Line by line, copy out the entries exactly and leave the pictures behind.

Stored data entries:
--
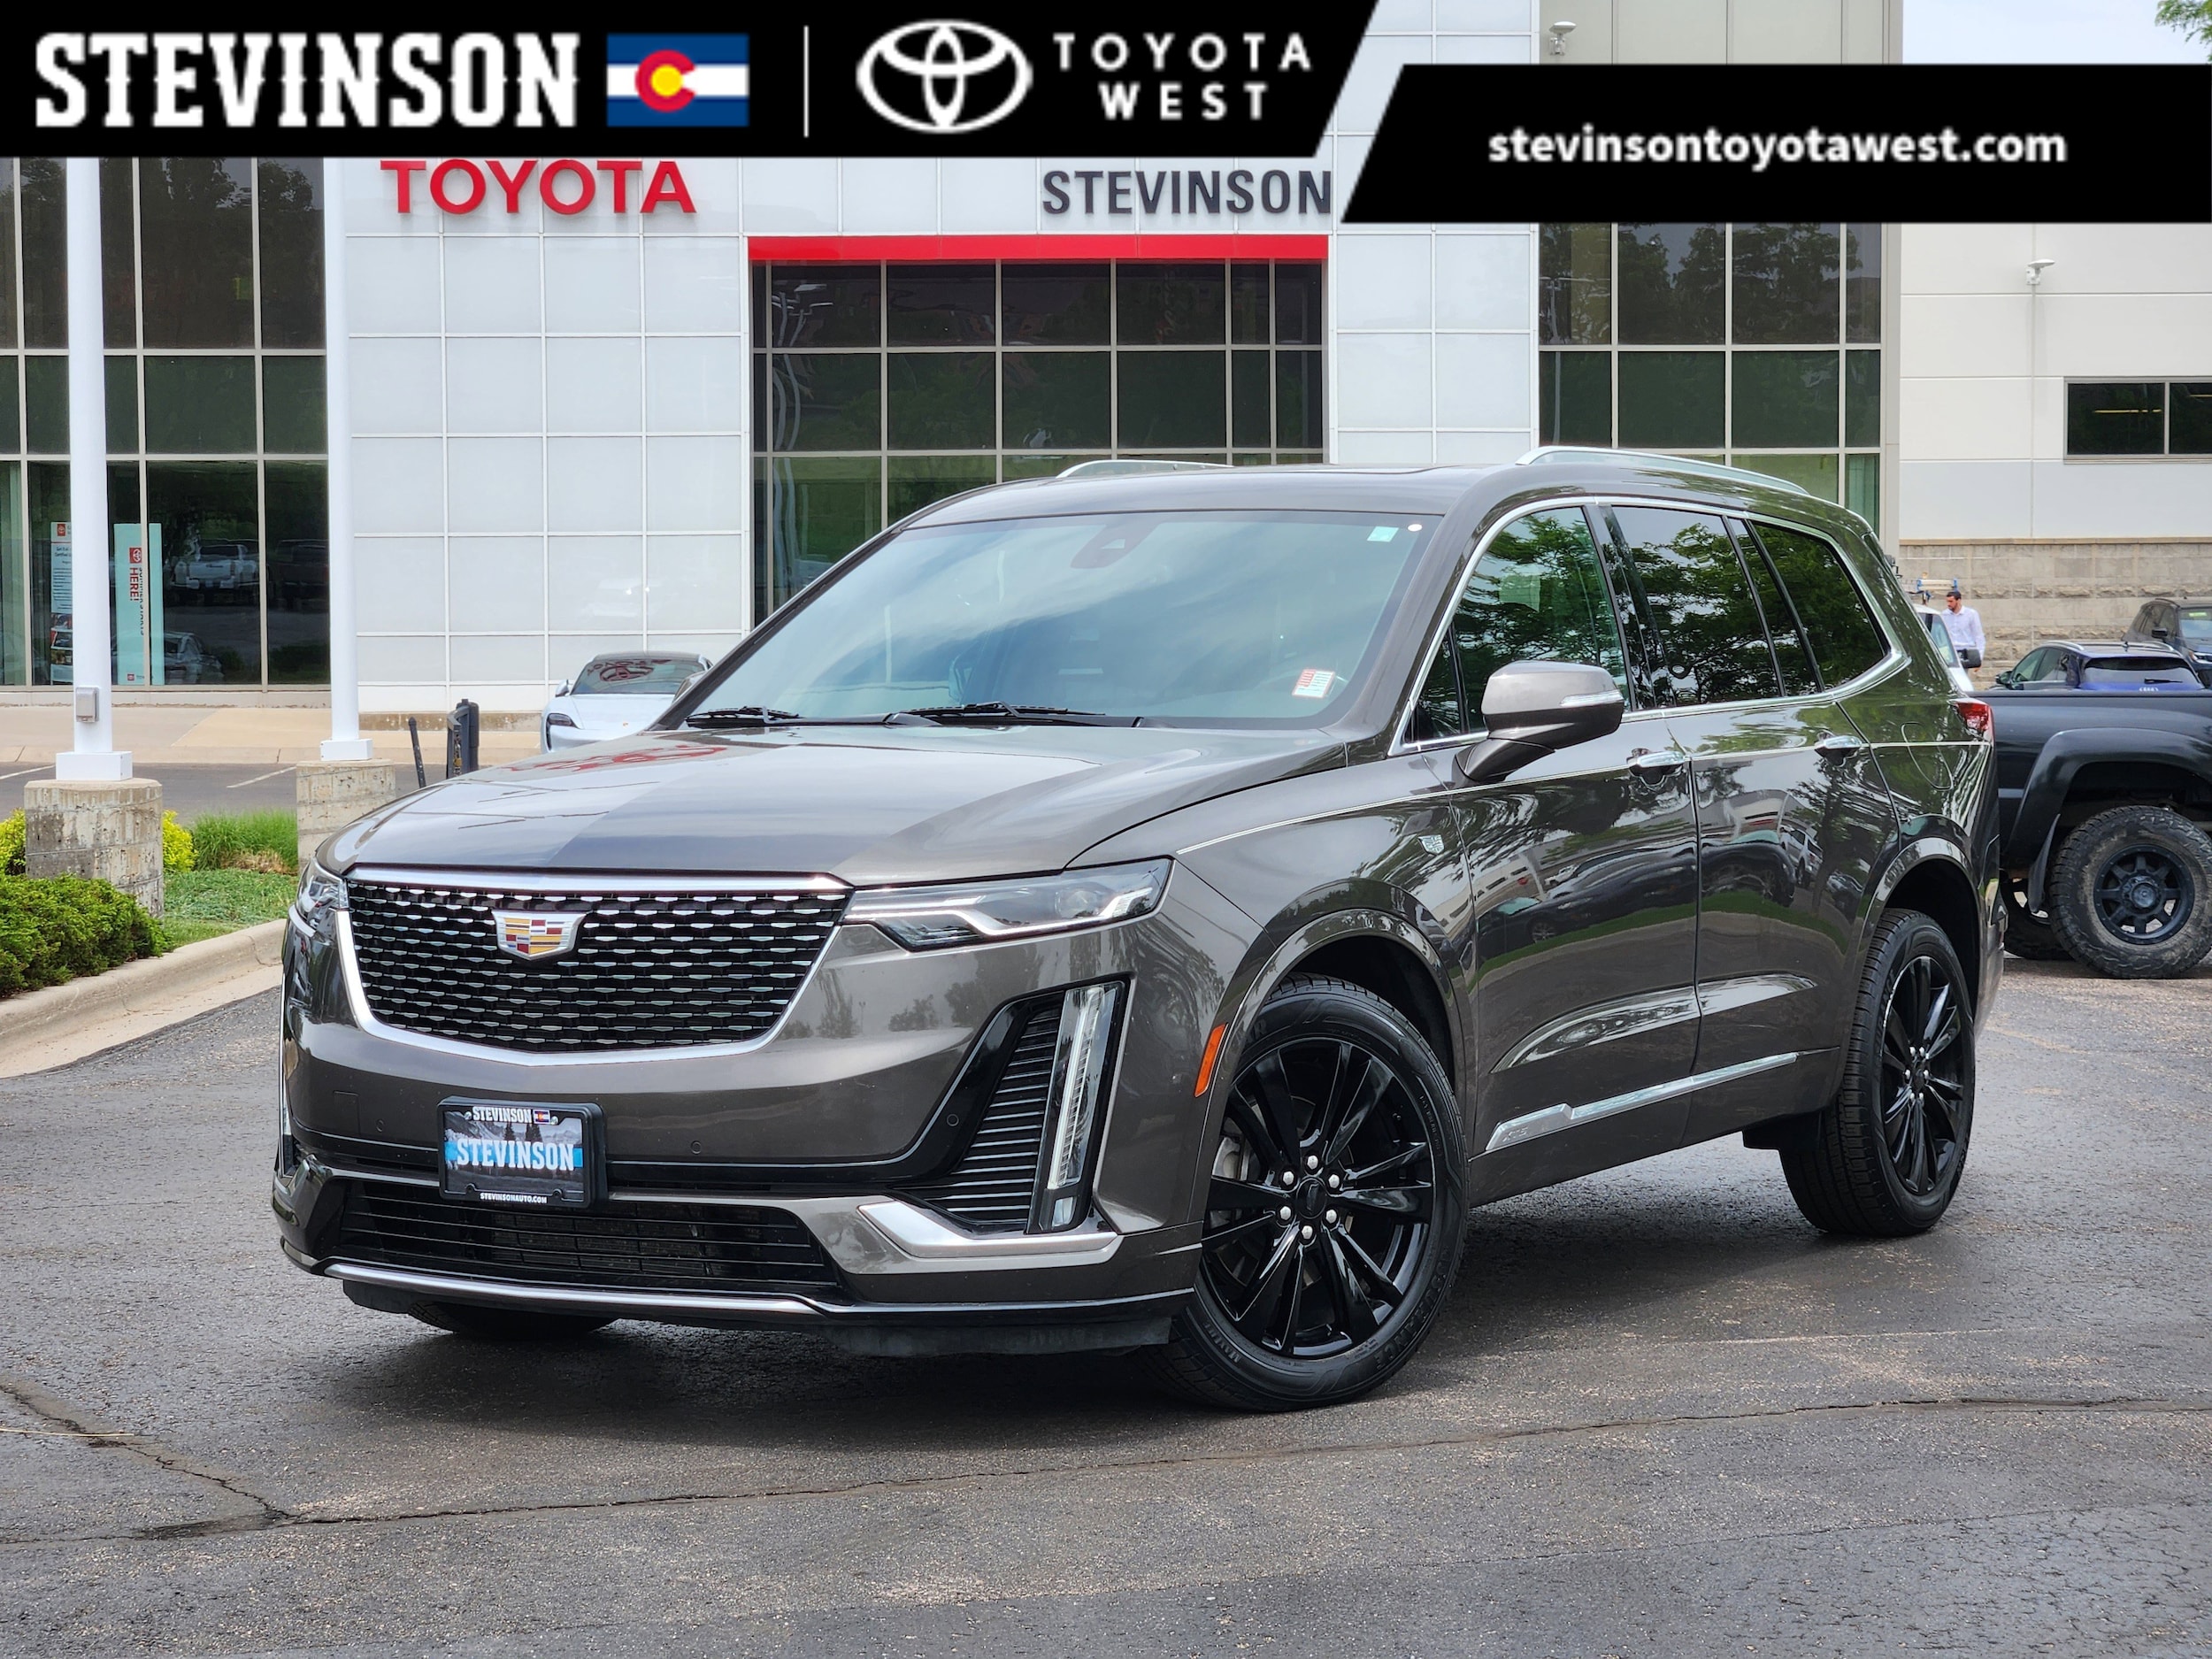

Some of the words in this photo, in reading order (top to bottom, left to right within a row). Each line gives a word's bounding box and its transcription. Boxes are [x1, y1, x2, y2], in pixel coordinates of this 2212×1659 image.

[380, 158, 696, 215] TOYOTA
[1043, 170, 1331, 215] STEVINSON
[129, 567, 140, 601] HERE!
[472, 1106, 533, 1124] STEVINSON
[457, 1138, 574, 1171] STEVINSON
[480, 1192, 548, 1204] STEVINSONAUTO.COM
--
# TASK RESPONSE
Some of the words in this photo, in reading order (top to bottom, left to right within a row). Each line gives a word's bounding box and its transcription. Boxes are [x1, y1, x2, y2], in pixel coordinates of this 2212×1659 image.

[380, 158, 696, 215] TOYOTA
[1043, 170, 1331, 215] STEVINSON
[129, 567, 140, 601] HERE!
[472, 1106, 533, 1124] STEVINSON
[457, 1138, 574, 1171] STEVINSON
[480, 1192, 548, 1204] STEVINSONAUTO.COM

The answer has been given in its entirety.